From classic NLP methods like Bag-of-Words and TF-IDF, to advanced architectures like LSTMs and Transformers, this part teaches you to build systems that interpret and generate language.


Here’s what you’ll master across Chapters 21 to 25:

✅ Chapter 21: Text Preprocessing & Tokenization Learn how to clean, tokenize, and vectorize raw text using TensorFlow’s TextVectorization layer and Keras’s Tokenizer API. You’ll prepare sequence data for embedding layers and deep NLP models.

✅ Chapter 22: TF-IDF, Bag-of-Words Representations Explore foundational NLP techniques—count-based and frequency-based vectorization. Use CountVectorizer and TfidfVectorizer from scikit-learn to create interpretable, fast baselines for text classification tasks.

✅ Chapter 23: RNNs & LSTMs Dive into Recurrent Neural Networks and Long Short-Term Memory (LSTM) layers for learning from sequential text. You’ll build a sentiment classifier and understand how memory helps capture temporal context.

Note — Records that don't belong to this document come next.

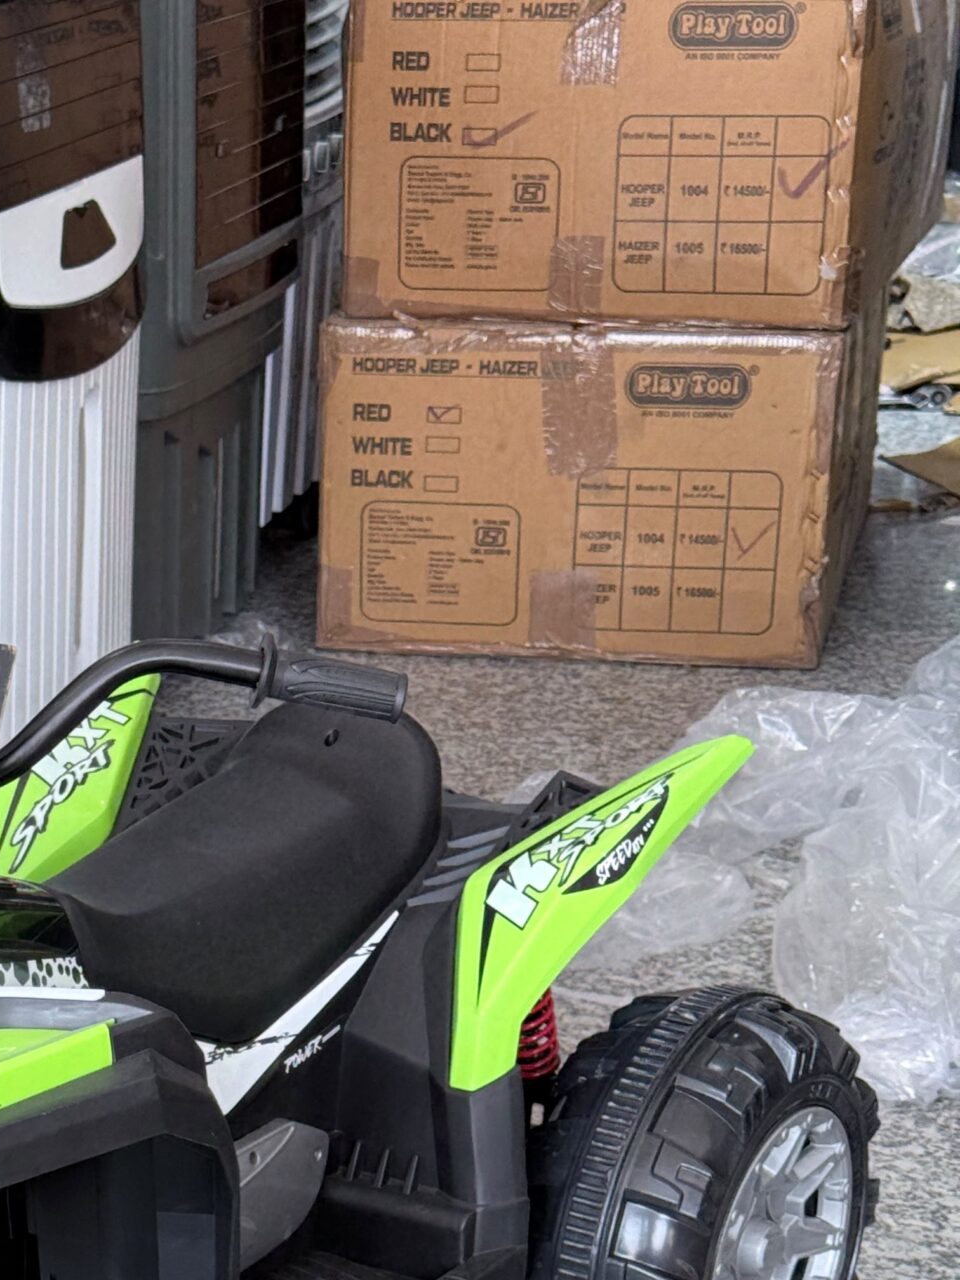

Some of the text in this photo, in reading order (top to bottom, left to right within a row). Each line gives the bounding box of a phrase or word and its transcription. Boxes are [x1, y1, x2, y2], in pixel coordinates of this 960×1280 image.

[391, 2, 456, 18] HOOPER
[459, 2, 501, 18] JEEP
[520, 2, 580, 18] HAIZER
[679, 12, 787, 40] Play Tool
[392, 51, 430, 71] RED
[390, 87, 452, 107] WHITE
[389, 122, 453, 142] BLACK
[620, 183, 665, 195] HOOPER
[680, 185, 709, 197] 1004
[628, 197, 656, 208] JEEP
[618, 240, 660, 252] HAIZER
[675, 242, 705, 255] 1005
[623, 254, 653, 265] JEEP
[352, 357, 417, 374] HOOPER
[419, 358, 460, 375] JEEP
[478, 360, 538, 377] HAIZER
[635, 372, 741, 399] Play Tool
[352, 402, 391, 422] RED
[352, 436, 413, 456] WHITE
[351, 468, 413, 489] BLACK
[579, 530, 622, 541] HOOPER
[636, 533, 665, 545] 1004
[587, 543, 613, 553] JEEP
[631, 585, 660, 597] 1005
[8, 738, 117, 875] SPORT
[557, 772, 675, 888] SPORT
[484, 813, 605, 931] KXT
[595, 838, 632, 886] SPEED
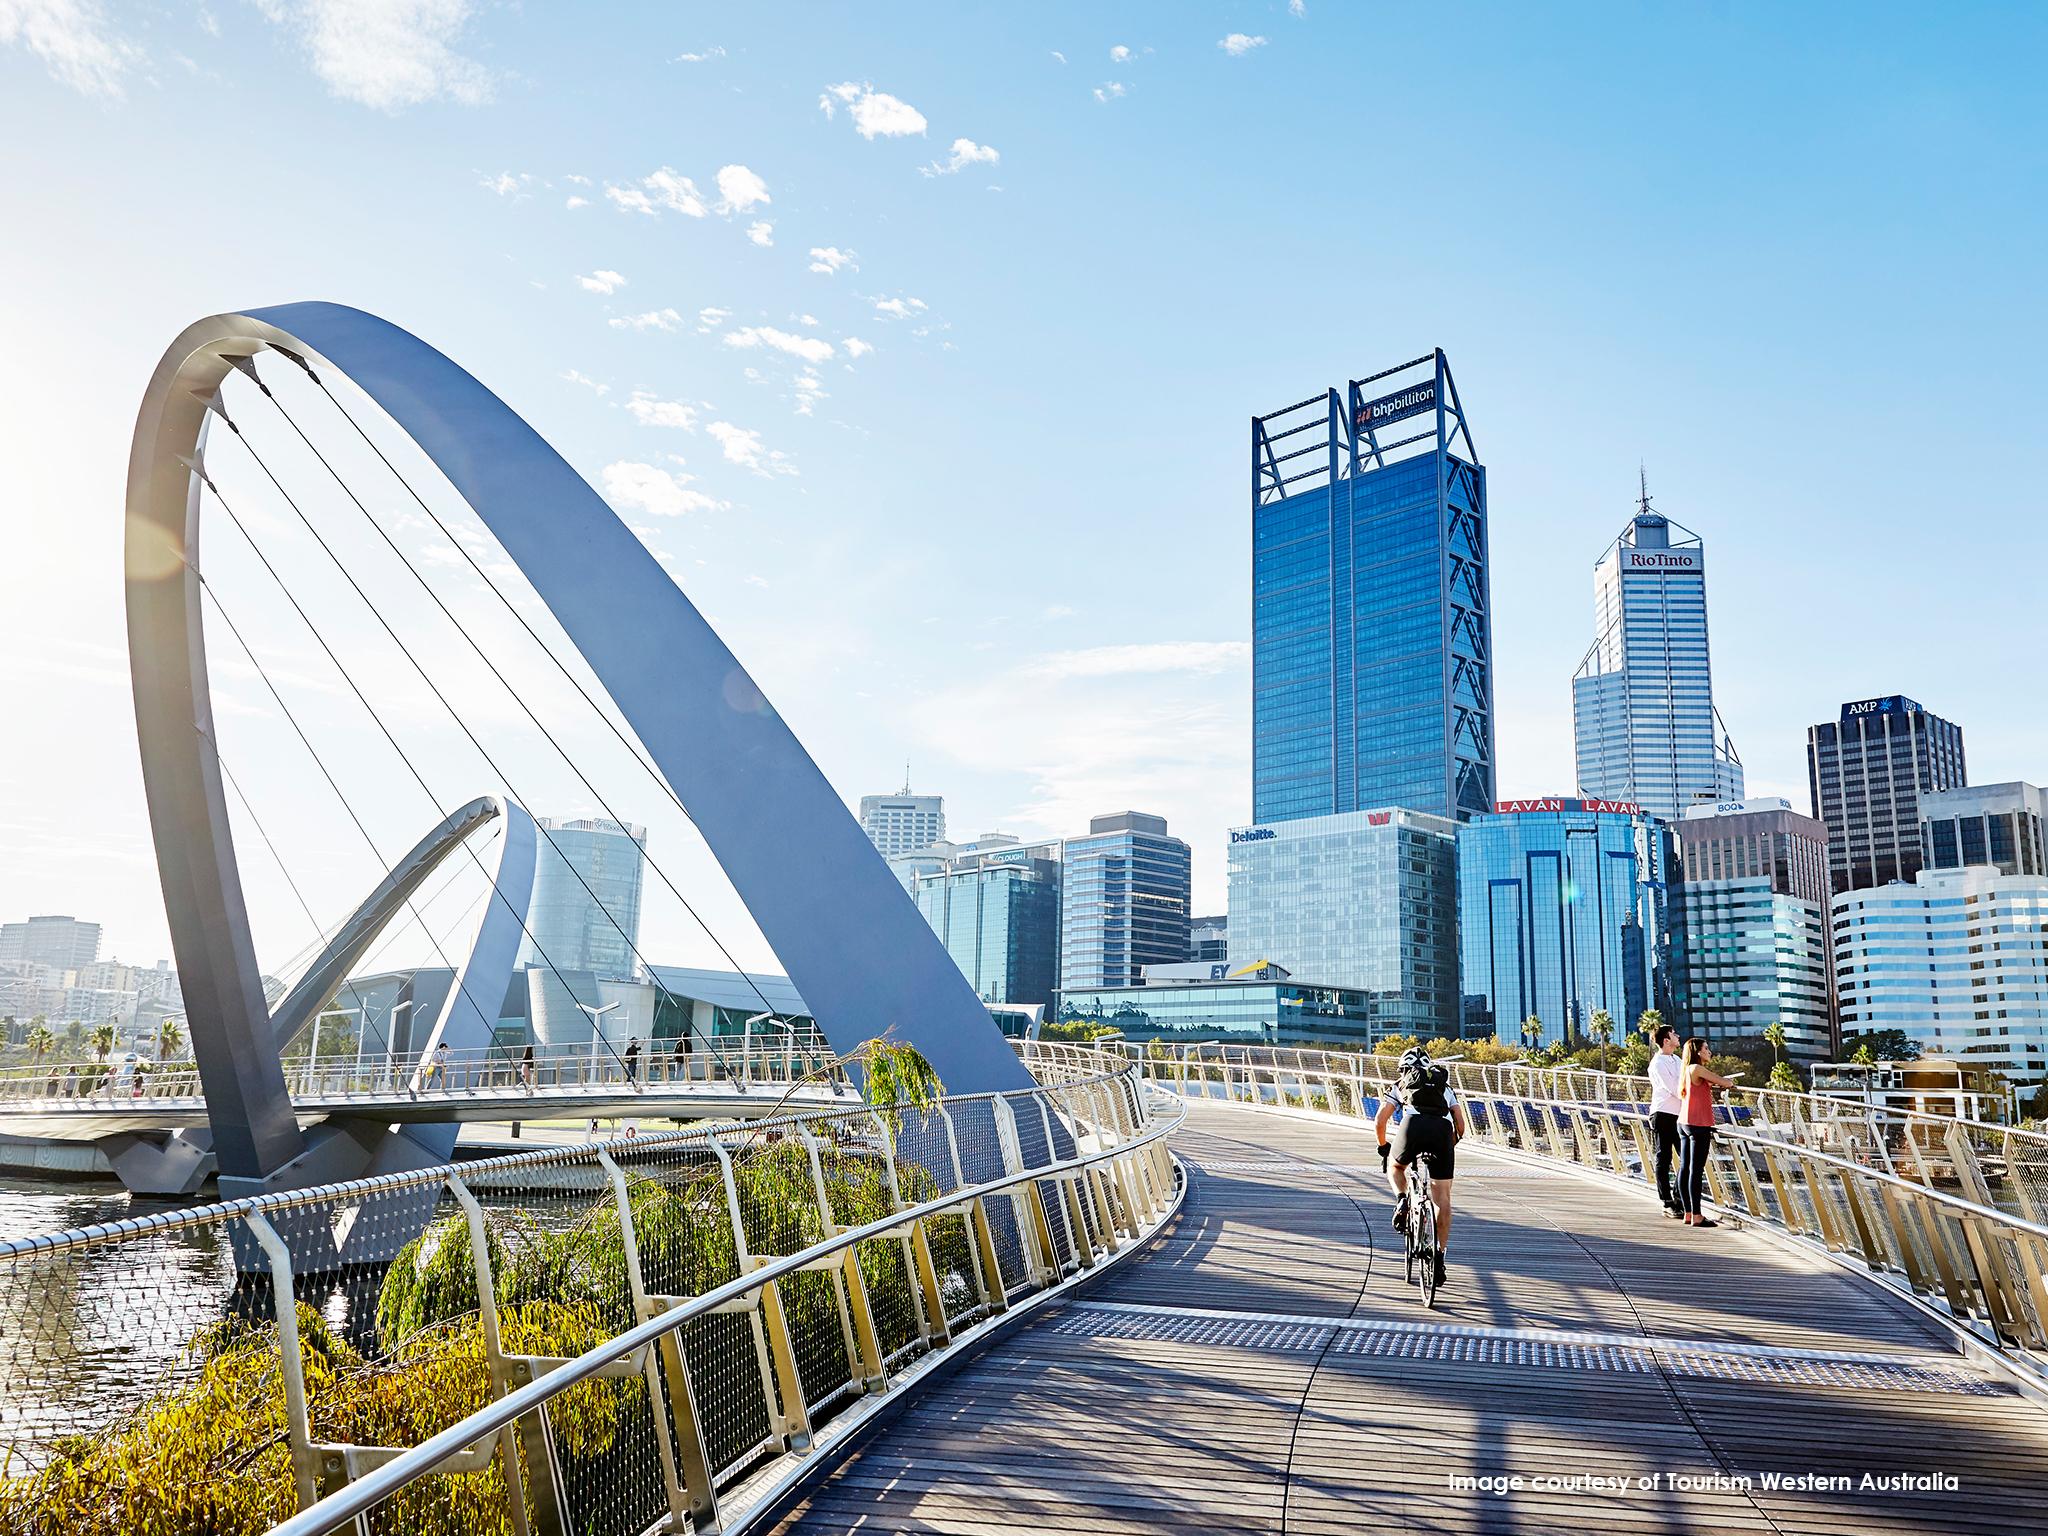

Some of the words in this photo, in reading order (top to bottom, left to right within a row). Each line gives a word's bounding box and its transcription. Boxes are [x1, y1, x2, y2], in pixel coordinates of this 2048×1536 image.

✅ Chapter 24: Transformers in TensorFlow (from Scratch) Discover the self-attention mechanism and build a mini Transformer Encoder using pure TensorFlow. This chapter provides an inside-out understanding of what powers BERT, GPT, and modern NLP architectures.

✅ Chapter 25: NLP Projects – Spam Detection, Sentiment Analysis, Autocomplete Apply everything you’ve learned in three mini-projects that span traditional and deep learning workflows. You’ll build and deploy real models that understand, classify, and even complete natural language.


After Part IV, You Will Be Able To:

  • Preprocess text and convert it to model-ready tensors

  • Choose the right representation (TF-IDF, embeddings, etc.) for your task

  • Build sequence models using RNNs, LSTMs, and Transformers

  • Create and deploy end-to-end NLP systems like sentiment analyzers or spam filters

  • Understand the inner workings of attention-based architectures

Part IV turns raw text into signals of meaning—paving the way for intelligent systems that speak, understand, and respond.